WHAT THE TASK ASKS: Every entry in the listing below is to be output unchanged.

·····

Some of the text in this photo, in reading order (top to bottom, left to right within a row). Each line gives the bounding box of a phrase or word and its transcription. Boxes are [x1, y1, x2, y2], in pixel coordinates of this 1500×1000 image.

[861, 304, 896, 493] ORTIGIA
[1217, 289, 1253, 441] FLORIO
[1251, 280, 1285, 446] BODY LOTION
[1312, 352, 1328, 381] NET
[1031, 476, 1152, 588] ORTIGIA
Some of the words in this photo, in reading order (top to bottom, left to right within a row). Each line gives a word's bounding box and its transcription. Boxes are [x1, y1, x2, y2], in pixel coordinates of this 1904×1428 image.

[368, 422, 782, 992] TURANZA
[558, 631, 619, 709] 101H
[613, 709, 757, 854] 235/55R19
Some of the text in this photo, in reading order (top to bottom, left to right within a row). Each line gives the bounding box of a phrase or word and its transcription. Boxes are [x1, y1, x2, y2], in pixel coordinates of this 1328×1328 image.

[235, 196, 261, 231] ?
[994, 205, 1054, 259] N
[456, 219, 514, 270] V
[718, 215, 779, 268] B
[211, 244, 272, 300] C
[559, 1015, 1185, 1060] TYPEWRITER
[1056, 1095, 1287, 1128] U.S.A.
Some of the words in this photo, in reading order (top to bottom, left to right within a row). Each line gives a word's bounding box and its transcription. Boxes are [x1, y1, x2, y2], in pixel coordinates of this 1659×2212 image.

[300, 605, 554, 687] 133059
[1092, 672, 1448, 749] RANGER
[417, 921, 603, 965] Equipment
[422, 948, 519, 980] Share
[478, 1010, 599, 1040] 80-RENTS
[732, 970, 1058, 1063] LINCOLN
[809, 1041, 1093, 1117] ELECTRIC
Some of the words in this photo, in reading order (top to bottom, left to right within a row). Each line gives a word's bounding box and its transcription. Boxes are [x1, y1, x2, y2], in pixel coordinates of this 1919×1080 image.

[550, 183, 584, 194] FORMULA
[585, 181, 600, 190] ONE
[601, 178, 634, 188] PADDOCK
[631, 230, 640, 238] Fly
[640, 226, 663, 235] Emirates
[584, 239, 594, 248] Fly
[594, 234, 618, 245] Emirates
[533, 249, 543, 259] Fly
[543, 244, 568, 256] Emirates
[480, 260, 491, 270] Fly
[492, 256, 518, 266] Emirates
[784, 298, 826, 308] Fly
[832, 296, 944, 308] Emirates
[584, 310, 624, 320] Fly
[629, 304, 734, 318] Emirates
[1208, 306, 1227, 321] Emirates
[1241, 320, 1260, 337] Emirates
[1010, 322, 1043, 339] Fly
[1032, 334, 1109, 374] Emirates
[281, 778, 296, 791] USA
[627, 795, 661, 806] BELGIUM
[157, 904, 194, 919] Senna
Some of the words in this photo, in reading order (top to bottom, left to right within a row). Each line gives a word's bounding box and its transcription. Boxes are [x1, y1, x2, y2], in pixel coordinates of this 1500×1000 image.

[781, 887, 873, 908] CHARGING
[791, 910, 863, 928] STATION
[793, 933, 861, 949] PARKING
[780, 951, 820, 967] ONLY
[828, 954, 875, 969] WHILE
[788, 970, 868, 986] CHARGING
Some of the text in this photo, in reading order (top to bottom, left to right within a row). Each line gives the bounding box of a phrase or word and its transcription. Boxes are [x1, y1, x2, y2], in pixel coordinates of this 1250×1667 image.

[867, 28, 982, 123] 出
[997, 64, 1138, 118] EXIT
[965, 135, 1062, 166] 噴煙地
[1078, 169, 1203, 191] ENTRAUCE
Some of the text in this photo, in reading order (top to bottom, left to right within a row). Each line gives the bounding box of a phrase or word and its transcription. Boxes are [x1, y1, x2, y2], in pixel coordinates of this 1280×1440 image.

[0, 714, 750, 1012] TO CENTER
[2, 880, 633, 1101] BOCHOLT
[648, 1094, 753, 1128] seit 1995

·····

TASK ANSWER:
Some of the text in this photo, in reading order (top to bottom, left to right within a row). Each line gives the bounding box of a phrase or word and its transcription. Boxes are [x1, y1, x2, y2], in pixel coordinates of this 1500×1000 image.

[861, 304, 896, 493] ORTIGIA
[1217, 289, 1253, 441] FLORIO
[1251, 280, 1285, 446] BODY LOTION
[1312, 352, 1328, 381] NET
[1031, 476, 1152, 588] ORTIGIA
Some of the words in this photo, in reading order (top to bottom, left to right within a row). Each line gives a word's bounding box and its transcription. Boxes are [x1, y1, x2, y2], in pixel coordinates of this 1904×1428 image.

[368, 422, 782, 992] TURANZA
[558, 631, 619, 709] 101H
[613, 709, 757, 854] 235/55R19
Some of the text in this photo, in reading order (top to bottom, left to right within a row). Each line gives the bounding box of a phrase or word and its transcription. Boxes are [x1, y1, x2, y2], in pixel coordinates of this 1328×1328 image.

[235, 196, 261, 231] ?
[994, 205, 1054, 259] N
[456, 219, 514, 270] V
[718, 215, 779, 268] B
[211, 244, 272, 300] C
[559, 1015, 1185, 1060] TYPEWRITER
[1056, 1095, 1287, 1128] U.S.A.
Some of the words in this photo, in reading order (top to bottom, left to right within a row). Each line gives a word's bounding box and its transcription. Boxes are [x1, y1, x2, y2], in pixel coordinates of this 1659×2212 image.

[300, 605, 554, 687] 133059
[1092, 672, 1448, 749] RANGER
[417, 921, 603, 965] Equipment
[422, 948, 519, 980] Share
[478, 1010, 599, 1040] 80-RENTS
[732, 970, 1058, 1063] LINCOLN
[809, 1041, 1093, 1117] ELECTRIC
Some of the words in this photo, in reading order (top to bottom, left to right within a row). Each line gives a word's bounding box and its transcription. Boxes are [x1, y1, x2, y2], in pixel coordinates of this 1919×1080 image.

[550, 183, 584, 194] FORMULA
[585, 181, 600, 190] ONE
[601, 178, 634, 188] PADDOCK
[631, 230, 640, 238] Fly
[640, 226, 663, 235] Emirates
[584, 239, 594, 248] Fly
[594, 234, 618, 245] Emirates
[533, 249, 543, 259] Fly
[543, 244, 568, 256] Emirates
[480, 260, 491, 270] Fly
[492, 256, 518, 266] Emirates
[784, 298, 826, 308] Fly
[832, 296, 944, 308] Emirates
[584, 310, 624, 320] Fly
[629, 304, 734, 318] Emirates
[1208, 306, 1227, 321] Emirates
[1241, 320, 1260, 337] Emirates
[1010, 322, 1043, 339] Fly
[1032, 334, 1109, 374] Emirates
[281, 778, 296, 791] USA
[627, 795, 661, 806] BELGIUM
[157, 904, 194, 919] Senna
Some of the words in this photo, in reading order (top to bottom, left to right within a row). Each line gives a word's bounding box and its transcription. Boxes are [x1, y1, x2, y2], in pixel coordinates of this 1500×1000 image.

[781, 887, 873, 908] CHARGING
[791, 910, 863, 928] STATION
[793, 933, 861, 949] PARKING
[780, 951, 820, 967] ONLY
[828, 954, 875, 969] WHILE
[788, 970, 868, 986] CHARGING
Some of the text in this photo, in reading order (top to bottom, left to right within a row). Each line gives the bounding box of a phrase or word and its transcription. Boxes are [x1, y1, x2, y2], in pixel coordinates of this 1250×1667 image.

[867, 28, 982, 123] 出
[997, 64, 1138, 118] EXIT
[965, 135, 1062, 166] 噴煙地
[1078, 169, 1203, 191] ENTRAUCE
Some of the text in this photo, in reading order (top to bottom, left to right within a row). Each line gives the bounding box of a phrase or word and its transcription. Boxes are [x1, y1, x2, y2], in pixel coordinates of this 1280×1440 image.

[0, 714, 750, 1012] TO CENTER
[2, 880, 633, 1101] BOCHOLT
[648, 1094, 753, 1128] seit 1995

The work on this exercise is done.